Esta semana que passou eu estava em uma sala de espera enquanto rodava um desses programas sensacionalistas focados no dia à dia violento de alguns bairros da periferia de São Paulo. Prato cheio.

A equipe do programa acompanhava a viatura da polícia militar enquanto atendia uma ocorrência.
Ao chegar ao local a viatura encontrou uma mulher, vítima de agressão por parte de seu companheiro. De quebra o agressor bateu também em um vizinho e provocou alguns danos materiais .

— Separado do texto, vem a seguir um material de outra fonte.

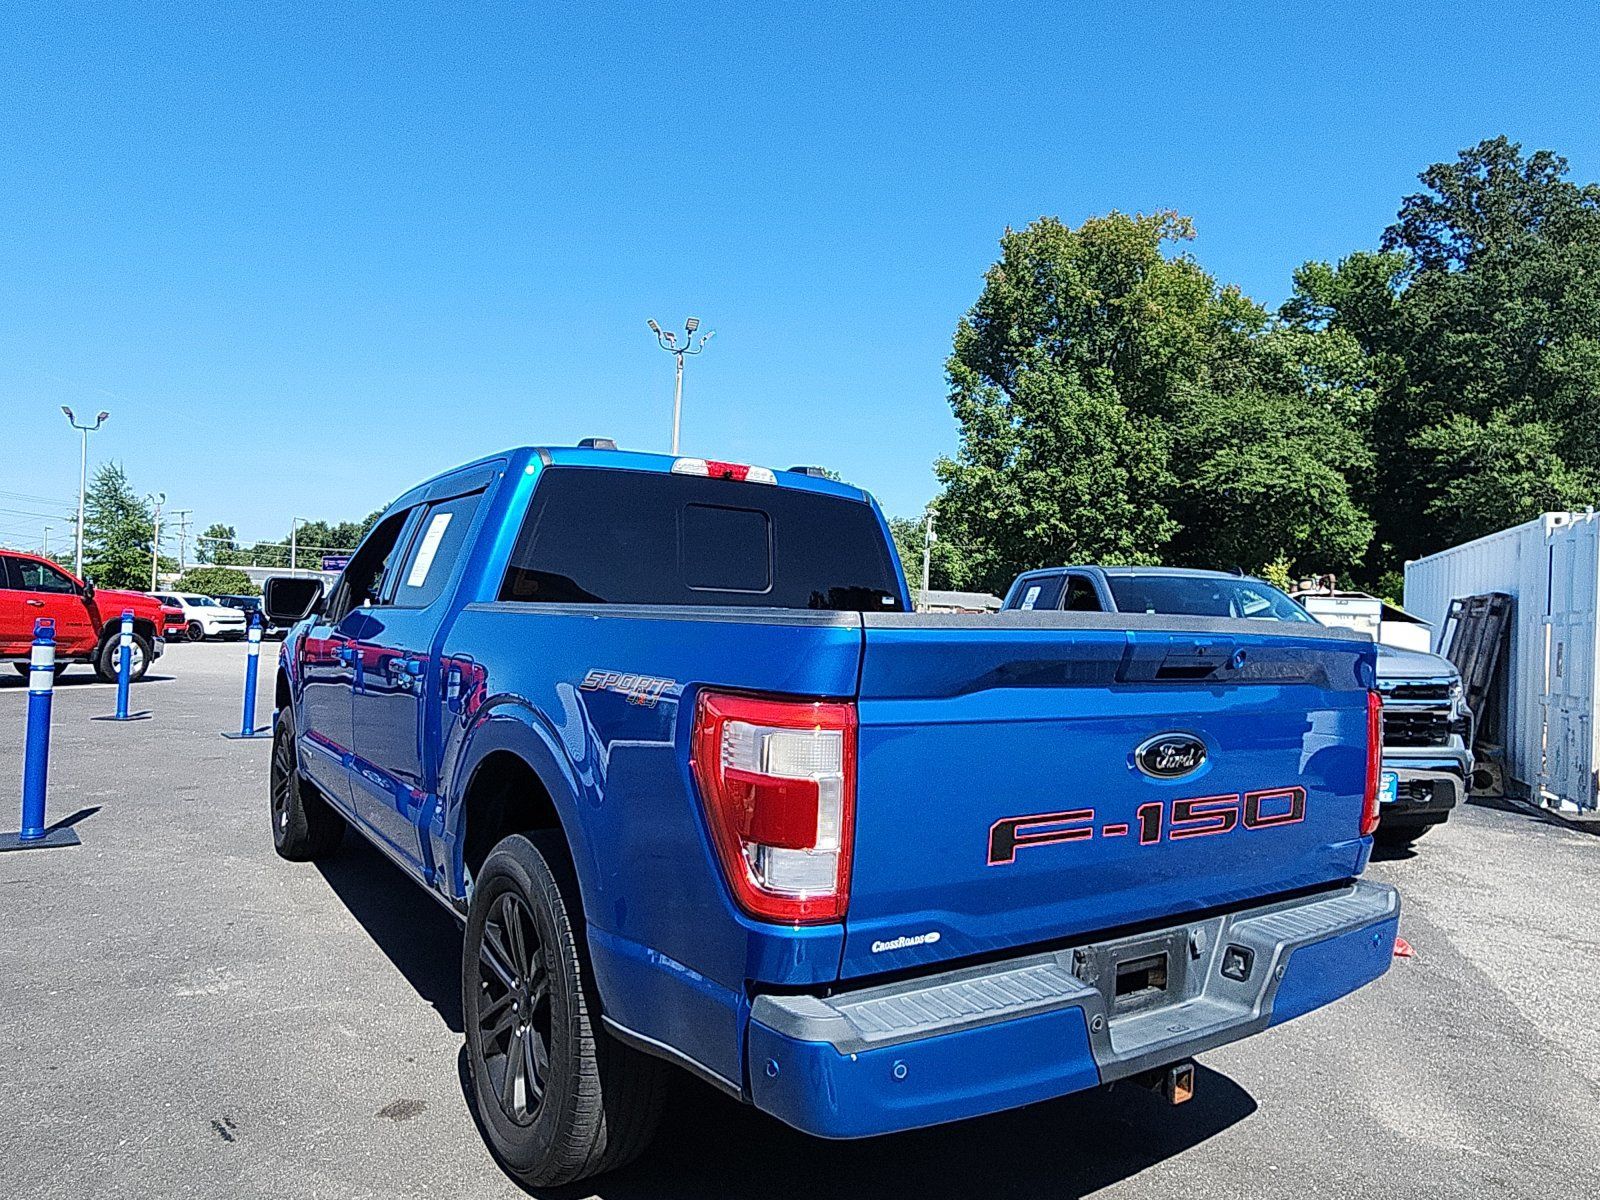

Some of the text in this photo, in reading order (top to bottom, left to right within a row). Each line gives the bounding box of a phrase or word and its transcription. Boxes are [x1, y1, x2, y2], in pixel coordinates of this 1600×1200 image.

[579, 668, 676, 696] SPORT
[1156, 743, 1195, 769] Ford
[987, 785, 1307, 866] F-150
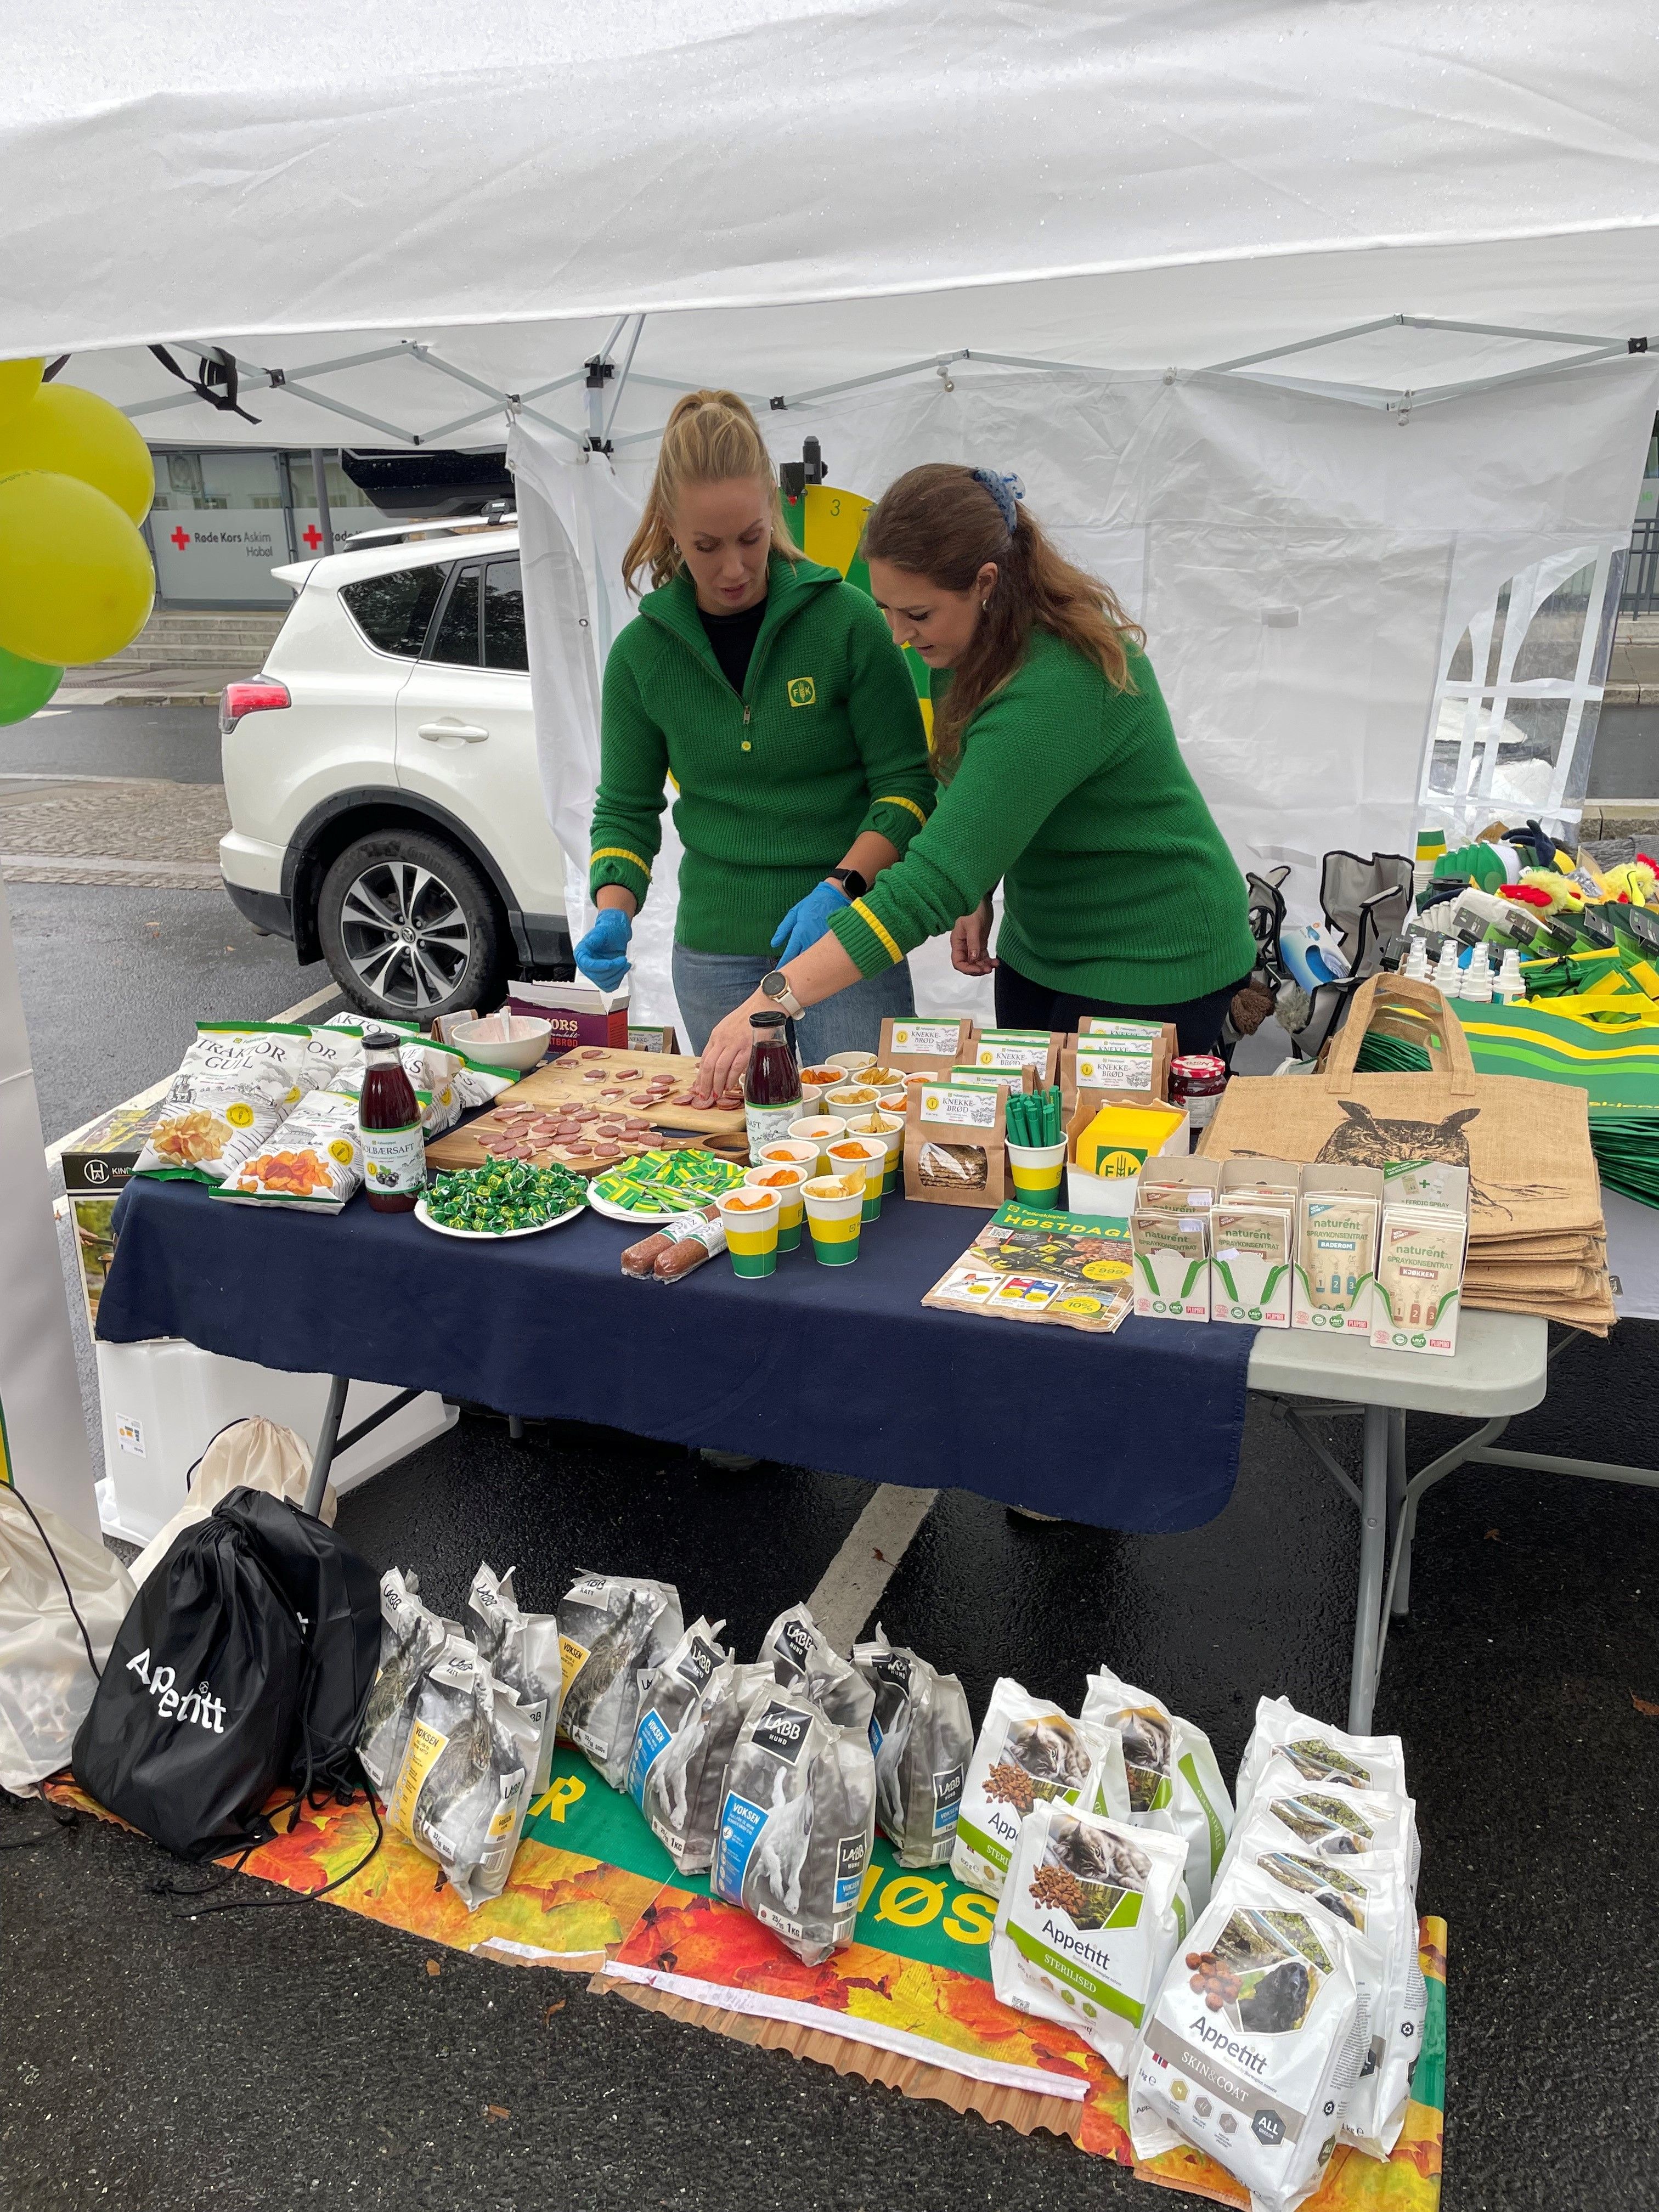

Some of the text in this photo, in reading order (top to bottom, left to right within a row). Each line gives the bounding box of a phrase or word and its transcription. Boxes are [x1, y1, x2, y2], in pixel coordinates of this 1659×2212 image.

Enfim, quando a vítima deu com a polícia e as câmeras desandou a correr pela rua como se estivesse soltando pipa. Corria de um lado a outro e gritava com o companheiro agressor que havia sido apanhado e imobilizado pelos soldados da brigada.

A mulher achincalhava o agressor à distância enquanto corria e pulava.

- Charles(aqui te batizo). Agora eu quero ver tu me dar porrada.- Cantava marra.

O agressor permanecia escondido atrás da gola como se nem fosse com ele . Olhar distante e constrangido.

Alguns vizinhos(prováveis testemunhas da violência cotidiana) vieram dar opinião enquanto o repórter repetia propositadamente as características do fato.

O soldado pacientemente tentava explicar à mulher que era preciso ir a delegacia fazer um boletim de ocorrência.

-A senhora está me entendendo?- repetia o militar.

E a Shirlei( aqui te batizo) continuava a correr e esbravejar sobre o Charles indefeso como um cordeirinho na outra calçada.

O soldado insistiu na ocorrência e a Shirlei simplesmente respondeu:

- Eu tô te entendendo meu querido. -ofegante- Não precisa ir na delegacia, eu só não quero mais apanhar dele!

Na verdade a Shirlei não queria perder seu companheiro, nem puní-lo, apenas cessar de apanhar. Queria muito pouco, apenas encolher-se com o que lhe cabia do mundo.

A polícia só estava ali apimentando o cenário entre ela e seu Romeu-algoz.

Esta pequena tragédia urbana selada pela fragilidade humana não é privilégio da miséria. Ela é parte da realidade de milhões de mulheres, das mais humildes às celebridades mais impensáveis.Relações perigosas das vítimas com seus carrascos.

Todas mulheres, todas abrangidas pelas mesmas instituições sócio-políticas e , ainda assim , caladas pelo fantasma do medo e da baixa autoestima. E sabe lá o que mais.
Lembro de uma minissérie da Globo chamada "Quem ama não mata" cujos protagonistas eram Marília Pêra e Cláudio Marzo. Excelente descrição de Euclydes Marinho, dirigida por Denis Carvalho e Daniel Filho. Foi em 1982 e me chocou bastante por eu nunca ter vivido qualquer contato com aquela realidade. O título se originou dos protestos em pichações contra crimes passionais (muitas vezes justificados pelo chauvinismo da defesa da honra machista), como o assassinado de Angela Diniz por Doca Street.
Parece que desde então muito pouco mudou. Ainda se lê fatos idênticos cujos criminosos ficam impunes, como o "recente" assassinato da jornalista Sandra Gomide pelo jornalista Pimenta Neves.Apesar de réu confesso, não há condenação.
Relações patológicas que não parecem explicáveis, repercussões absurdas e insolúveis. Até quando?